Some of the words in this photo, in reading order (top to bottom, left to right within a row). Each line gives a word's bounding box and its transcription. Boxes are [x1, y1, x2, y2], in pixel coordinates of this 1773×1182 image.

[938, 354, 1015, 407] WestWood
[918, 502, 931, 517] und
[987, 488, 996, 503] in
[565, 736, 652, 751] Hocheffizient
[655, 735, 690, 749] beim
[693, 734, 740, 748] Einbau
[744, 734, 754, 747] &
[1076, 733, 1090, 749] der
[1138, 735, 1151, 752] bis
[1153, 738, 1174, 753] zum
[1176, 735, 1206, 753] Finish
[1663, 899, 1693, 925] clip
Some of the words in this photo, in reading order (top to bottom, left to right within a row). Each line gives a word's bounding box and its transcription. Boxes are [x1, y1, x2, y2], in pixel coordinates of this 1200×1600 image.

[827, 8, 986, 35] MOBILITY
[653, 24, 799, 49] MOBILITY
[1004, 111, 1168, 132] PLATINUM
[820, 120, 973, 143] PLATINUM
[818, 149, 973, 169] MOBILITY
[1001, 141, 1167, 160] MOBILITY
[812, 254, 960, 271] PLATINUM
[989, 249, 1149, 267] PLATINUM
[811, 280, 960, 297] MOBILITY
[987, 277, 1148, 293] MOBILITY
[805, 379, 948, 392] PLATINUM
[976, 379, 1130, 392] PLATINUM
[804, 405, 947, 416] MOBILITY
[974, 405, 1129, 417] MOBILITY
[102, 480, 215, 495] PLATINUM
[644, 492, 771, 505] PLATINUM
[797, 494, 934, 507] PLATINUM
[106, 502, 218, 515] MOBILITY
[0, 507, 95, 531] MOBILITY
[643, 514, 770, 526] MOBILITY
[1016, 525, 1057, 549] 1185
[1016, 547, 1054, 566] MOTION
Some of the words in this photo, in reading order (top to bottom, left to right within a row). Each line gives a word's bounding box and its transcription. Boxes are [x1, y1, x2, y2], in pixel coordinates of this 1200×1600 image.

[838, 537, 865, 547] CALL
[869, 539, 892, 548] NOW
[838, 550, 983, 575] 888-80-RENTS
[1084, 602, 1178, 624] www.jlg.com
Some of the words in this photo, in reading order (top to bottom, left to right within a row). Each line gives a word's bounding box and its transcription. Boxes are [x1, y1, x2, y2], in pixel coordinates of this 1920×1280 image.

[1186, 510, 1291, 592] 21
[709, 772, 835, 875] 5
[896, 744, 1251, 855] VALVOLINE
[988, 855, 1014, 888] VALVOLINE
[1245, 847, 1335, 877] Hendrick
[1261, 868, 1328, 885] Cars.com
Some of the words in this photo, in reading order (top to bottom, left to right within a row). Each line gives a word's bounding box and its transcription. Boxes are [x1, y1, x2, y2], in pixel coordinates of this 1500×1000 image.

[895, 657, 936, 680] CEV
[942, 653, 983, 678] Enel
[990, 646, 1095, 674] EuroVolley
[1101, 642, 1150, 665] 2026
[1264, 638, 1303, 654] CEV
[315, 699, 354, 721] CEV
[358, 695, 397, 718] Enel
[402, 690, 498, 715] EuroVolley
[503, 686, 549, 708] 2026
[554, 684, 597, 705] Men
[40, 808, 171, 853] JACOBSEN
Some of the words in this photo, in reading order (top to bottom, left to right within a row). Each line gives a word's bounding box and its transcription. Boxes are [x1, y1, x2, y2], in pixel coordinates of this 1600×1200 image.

→ What you have to do
Would you please write the entries out again in full, exactly as given?

→ Expected answer
Some of the words in this photo, in reading order (top to bottom, left to right within a row). Each line gives a word's bounding box and its transcription. Boxes are [x1, y1, x2, y2], in pixel coordinates of this 1773×1182 image.

[938, 354, 1015, 407] WestWood
[918, 502, 931, 517] und
[987, 488, 996, 503] in
[565, 736, 652, 751] Hocheffizient
[655, 735, 690, 749] beim
[693, 734, 740, 748] Einbau
[744, 734, 754, 747] &
[1076, 733, 1090, 749] der
[1138, 735, 1151, 752] bis
[1153, 738, 1174, 753] zum
[1176, 735, 1206, 753] Finish
[1663, 899, 1693, 925] clip
Some of the words in this photo, in reading order (top to bottom, left to right within a row). Each line gives a word's bounding box and its transcription. Boxes are [x1, y1, x2, y2], in pixel coordinates of this 1200×1600 image.

[827, 8, 986, 35] MOBILITY
[653, 24, 799, 49] MOBILITY
[1004, 111, 1168, 132] PLATINUM
[820, 120, 973, 143] PLATINUM
[818, 149, 973, 169] MOBILITY
[1001, 141, 1167, 160] MOBILITY
[812, 254, 960, 271] PLATINUM
[989, 249, 1149, 267] PLATINUM
[811, 280, 960, 297] MOBILITY
[987, 277, 1148, 293] MOBILITY
[805, 379, 948, 392] PLATINUM
[976, 379, 1130, 392] PLATINUM
[804, 405, 947, 416] MOBILITY
[974, 405, 1129, 417] MOBILITY
[102, 480, 215, 495] PLATINUM
[644, 492, 771, 505] PLATINUM
[797, 494, 934, 507] PLATINUM
[106, 502, 218, 515] MOBILITY
[0, 507, 95, 531] MOBILITY
[643, 514, 770, 526] MOBILITY
[1016, 525, 1057, 549] 1185
[1016, 547, 1054, 566] MOTION
Some of the words in this photo, in reading order (top to bottom, left to right within a row). Each line gives a word's bounding box and its transcription. Boxes are [x1, y1, x2, y2], in pixel coordinates of this 1200×1600 image.

[838, 537, 865, 547] CALL
[869, 539, 892, 548] NOW
[838, 550, 983, 575] 888-80-RENTS
[1084, 602, 1178, 624] www.jlg.com
Some of the words in this photo, in reading order (top to bottom, left to right within a row). Each line gives a word's bounding box and its transcription. Boxes are [x1, y1, x2, y2], in pixel coordinates of this 1920×1280 image.

[1186, 510, 1291, 592] 21
[709, 772, 835, 875] 5
[896, 744, 1251, 855] VALVOLINE
[988, 855, 1014, 888] VALVOLINE
[1245, 847, 1335, 877] Hendrick
[1261, 868, 1328, 885] Cars.com
Some of the words in this photo, in reading order (top to bottom, left to right within a row). Each line gives a word's bounding box and its transcription. Boxes are [x1, y1, x2, y2], in pixel coordinates of this 1500×1000 image.

[895, 657, 936, 680] CEV
[942, 653, 983, 678] Enel
[990, 646, 1095, 674] EuroVolley
[1101, 642, 1150, 665] 2026
[1264, 638, 1303, 654] CEV
[315, 699, 354, 721] CEV
[358, 695, 397, 718] Enel
[402, 690, 498, 715] EuroVolley
[503, 686, 549, 708] 2026
[554, 684, 597, 705] Men
[40, 808, 171, 853] JACOBSEN
Some of the words in this photo, in reading order (top to bottom, left to right within a row). Each line gives a word's bounding box and its transcription. Boxes are [x1, y1, x2, y2], in pixel coordinates of this 1600×1200 image.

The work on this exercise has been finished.